YOUR INSTRUCTIONS -> Please return each of the entries that follow, unchanged in every word.
= Beginning of Section =
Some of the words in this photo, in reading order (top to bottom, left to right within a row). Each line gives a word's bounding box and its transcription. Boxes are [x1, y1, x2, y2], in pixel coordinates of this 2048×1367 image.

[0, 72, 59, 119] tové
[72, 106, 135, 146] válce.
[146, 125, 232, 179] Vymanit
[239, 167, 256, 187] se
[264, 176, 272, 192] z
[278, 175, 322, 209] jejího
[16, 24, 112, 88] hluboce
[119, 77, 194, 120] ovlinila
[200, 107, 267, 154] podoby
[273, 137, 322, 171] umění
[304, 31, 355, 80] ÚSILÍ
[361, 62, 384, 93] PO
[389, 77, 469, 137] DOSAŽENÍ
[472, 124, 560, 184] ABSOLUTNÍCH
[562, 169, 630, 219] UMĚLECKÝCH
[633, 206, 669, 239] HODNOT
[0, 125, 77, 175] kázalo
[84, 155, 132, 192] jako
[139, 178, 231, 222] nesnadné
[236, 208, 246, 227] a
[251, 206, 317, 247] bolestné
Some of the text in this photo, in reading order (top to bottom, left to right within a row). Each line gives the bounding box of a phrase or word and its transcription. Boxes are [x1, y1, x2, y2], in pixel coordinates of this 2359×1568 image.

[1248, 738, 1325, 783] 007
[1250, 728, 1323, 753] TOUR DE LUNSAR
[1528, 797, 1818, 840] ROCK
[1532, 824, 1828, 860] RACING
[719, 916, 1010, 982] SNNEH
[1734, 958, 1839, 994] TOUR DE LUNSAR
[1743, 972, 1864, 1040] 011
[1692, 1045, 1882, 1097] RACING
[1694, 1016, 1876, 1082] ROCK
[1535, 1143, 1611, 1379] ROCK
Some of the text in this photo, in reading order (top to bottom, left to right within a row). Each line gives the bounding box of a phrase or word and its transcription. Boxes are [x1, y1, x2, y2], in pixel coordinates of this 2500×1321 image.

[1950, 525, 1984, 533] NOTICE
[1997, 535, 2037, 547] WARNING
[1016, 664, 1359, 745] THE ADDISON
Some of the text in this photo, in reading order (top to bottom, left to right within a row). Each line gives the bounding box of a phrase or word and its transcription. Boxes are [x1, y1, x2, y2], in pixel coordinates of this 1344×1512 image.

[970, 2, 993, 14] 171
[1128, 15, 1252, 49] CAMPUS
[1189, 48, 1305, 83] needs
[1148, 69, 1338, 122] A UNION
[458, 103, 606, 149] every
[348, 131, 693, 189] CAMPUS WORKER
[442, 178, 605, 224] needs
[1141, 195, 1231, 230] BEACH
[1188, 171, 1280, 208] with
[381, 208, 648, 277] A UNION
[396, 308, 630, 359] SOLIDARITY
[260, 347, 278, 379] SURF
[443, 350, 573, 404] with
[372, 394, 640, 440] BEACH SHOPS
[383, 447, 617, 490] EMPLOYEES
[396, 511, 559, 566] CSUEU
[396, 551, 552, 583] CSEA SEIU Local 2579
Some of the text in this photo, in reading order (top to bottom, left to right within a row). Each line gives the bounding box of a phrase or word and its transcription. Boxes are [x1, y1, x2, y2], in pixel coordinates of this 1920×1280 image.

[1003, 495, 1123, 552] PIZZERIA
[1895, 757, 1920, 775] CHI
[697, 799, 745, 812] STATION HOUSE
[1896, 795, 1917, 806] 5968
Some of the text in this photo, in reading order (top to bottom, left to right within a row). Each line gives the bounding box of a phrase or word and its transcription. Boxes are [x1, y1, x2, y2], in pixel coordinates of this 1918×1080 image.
= End of Section =
OUTPUT ->
Some of the words in this photo, in reading order (top to bottom, left to right within a row). Each line gives a word's bounding box and its transcription. Boxes are [x1, y1, x2, y2], in pixel coordinates of this 2048×1367 image.

[0, 72, 59, 119] tové
[72, 106, 135, 146] válce.
[146, 125, 232, 179] Vymanit
[239, 167, 256, 187] se
[264, 176, 272, 192] z
[278, 175, 322, 209] jejího
[16, 24, 112, 88] hluboce
[119, 77, 194, 120] ovlinila
[200, 107, 267, 154] podoby
[273, 137, 322, 171] umění
[304, 31, 355, 80] ÚSILÍ
[361, 62, 384, 93] PO
[389, 77, 469, 137] DOSAŽENÍ
[472, 124, 560, 184] ABSOLUTNÍCH
[562, 169, 630, 219] UMĚLECKÝCH
[633, 206, 669, 239] HODNOT
[0, 125, 77, 175] kázalo
[84, 155, 132, 192] jako
[139, 178, 231, 222] nesnadné
[236, 208, 246, 227] a
[251, 206, 317, 247] bolestné
Some of the text in this photo, in reading order (top to bottom, left to right within a row). Each line gives the bounding box of a phrase or word and its transcription. Boxes are [x1, y1, x2, y2], in pixel coordinates of this 2359×1568 image.

[1248, 738, 1325, 783] 007
[1250, 728, 1323, 753] TOUR DE LUNSAR
[1528, 797, 1818, 840] ROCK
[1532, 824, 1828, 860] RACING
[719, 916, 1010, 982] SNNEH
[1734, 958, 1839, 994] TOUR DE LUNSAR
[1743, 972, 1864, 1040] 011
[1692, 1045, 1882, 1097] RACING
[1694, 1016, 1876, 1082] ROCK
[1535, 1143, 1611, 1379] ROCK
Some of the text in this photo, in reading order (top to bottom, left to right within a row). Each line gives the bounding box of a phrase or word and its transcription. Boxes are [x1, y1, x2, y2], in pixel coordinates of this 2500×1321 image.

[1950, 525, 1984, 533] NOTICE
[1997, 535, 2037, 547] WARNING
[1016, 664, 1359, 745] THE ADDISON
Some of the text in this photo, in reading order (top to bottom, left to right within a row). Each line gives the bounding box of a phrase or word and its transcription. Boxes are [x1, y1, x2, y2], in pixel coordinates of this 1344×1512 image.

[970, 2, 993, 14] 171
[1128, 15, 1252, 49] CAMPUS
[1189, 48, 1305, 83] needs
[1148, 69, 1338, 122] A UNION
[458, 103, 606, 149] every
[348, 131, 693, 189] CAMPUS WORKER
[442, 178, 605, 224] needs
[1141, 195, 1231, 230] BEACH
[1188, 171, 1280, 208] with
[381, 208, 648, 277] A UNION
[396, 308, 630, 359] SOLIDARITY
[260, 347, 278, 379] SURF
[443, 350, 573, 404] with
[372, 394, 640, 440] BEACH SHOPS
[383, 447, 617, 490] EMPLOYEES
[396, 511, 559, 566] CSUEU
[396, 551, 552, 583] CSEA SEIU Local 2579
Some of the text in this photo, in reading order (top to bottom, left to right within a row). Each line gives the bounding box of a phrase or word and its transcription. Boxes are [x1, y1, x2, y2], in pixel coordinates of this 1920×1280 image.

[1003, 495, 1123, 552] PIZZERIA
[1895, 757, 1920, 775] CHI
[697, 799, 745, 812] STATION HOUSE
[1896, 795, 1917, 806] 5968
Some of the text in this photo, in reading order (top to bottom, left to right within a row). Each line gives the bounding box of a phrase or word and its transcription. Boxes are [x1, y1, x2, y2], in pixel coordinates of this 1918×1080 image.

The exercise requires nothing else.